(Beginning of Given records)

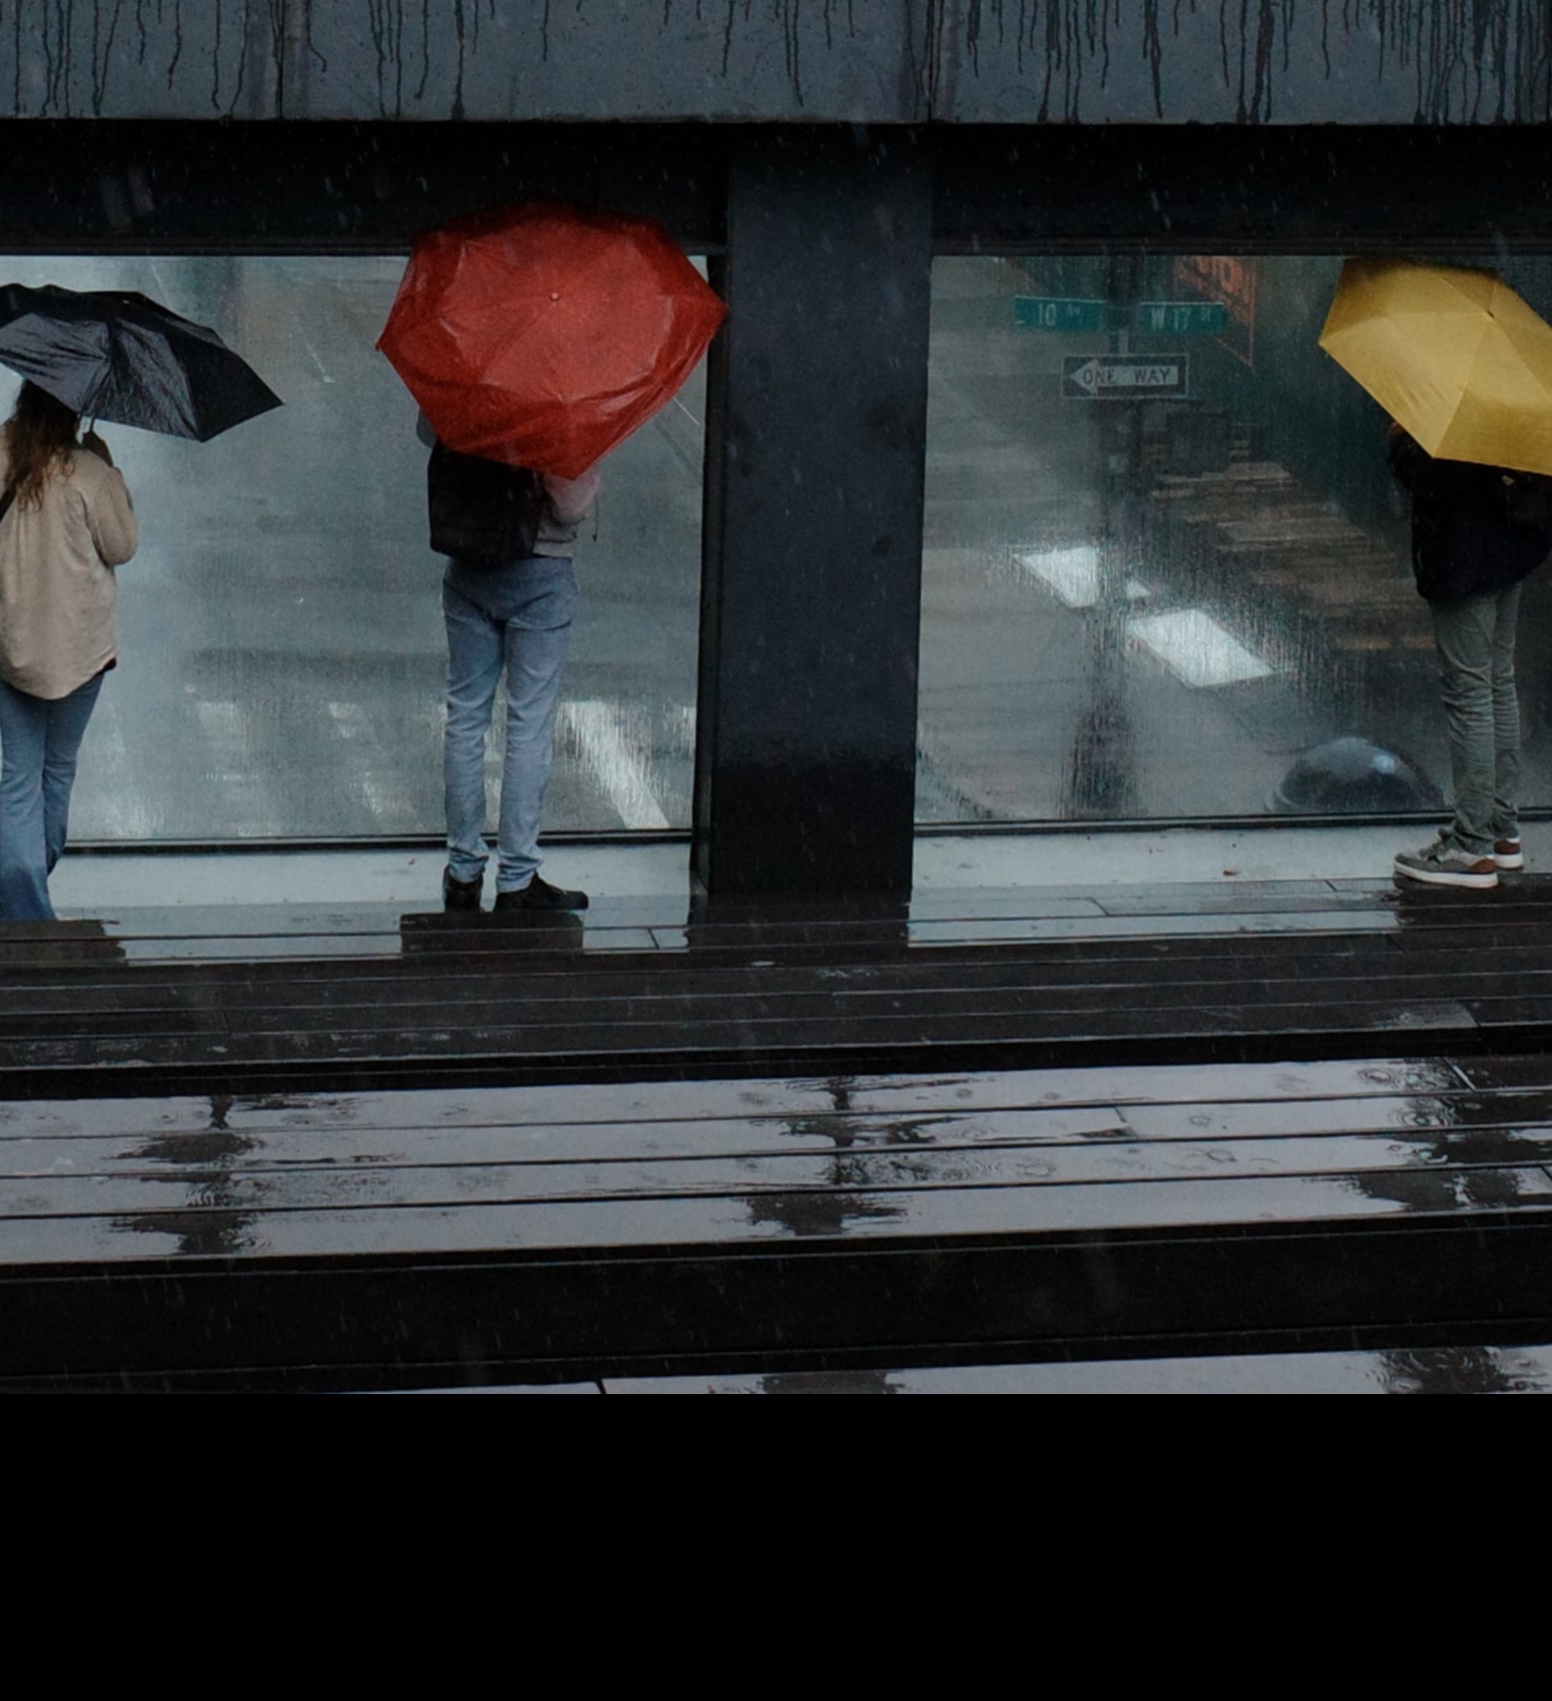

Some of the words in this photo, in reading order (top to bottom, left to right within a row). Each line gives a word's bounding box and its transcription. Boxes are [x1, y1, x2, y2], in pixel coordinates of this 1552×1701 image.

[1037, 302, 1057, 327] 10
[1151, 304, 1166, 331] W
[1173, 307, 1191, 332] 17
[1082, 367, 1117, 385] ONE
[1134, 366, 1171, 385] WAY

(End of Given records)

**Task brief:** Without the pictures, repeat every record above exactly as written.

**Task result:**
Some of the words in this photo, in reading order (top to bottom, left to right within a row). Each line gives a word's bounding box and its transcription. Boxes are [x1, y1, x2, y2], in pixel coordinates of this 1552×1701 image.

[1037, 302, 1057, 327] 10
[1151, 304, 1166, 331] W
[1173, 307, 1191, 332] 17
[1082, 367, 1117, 385] ONE
[1134, 366, 1171, 385] WAY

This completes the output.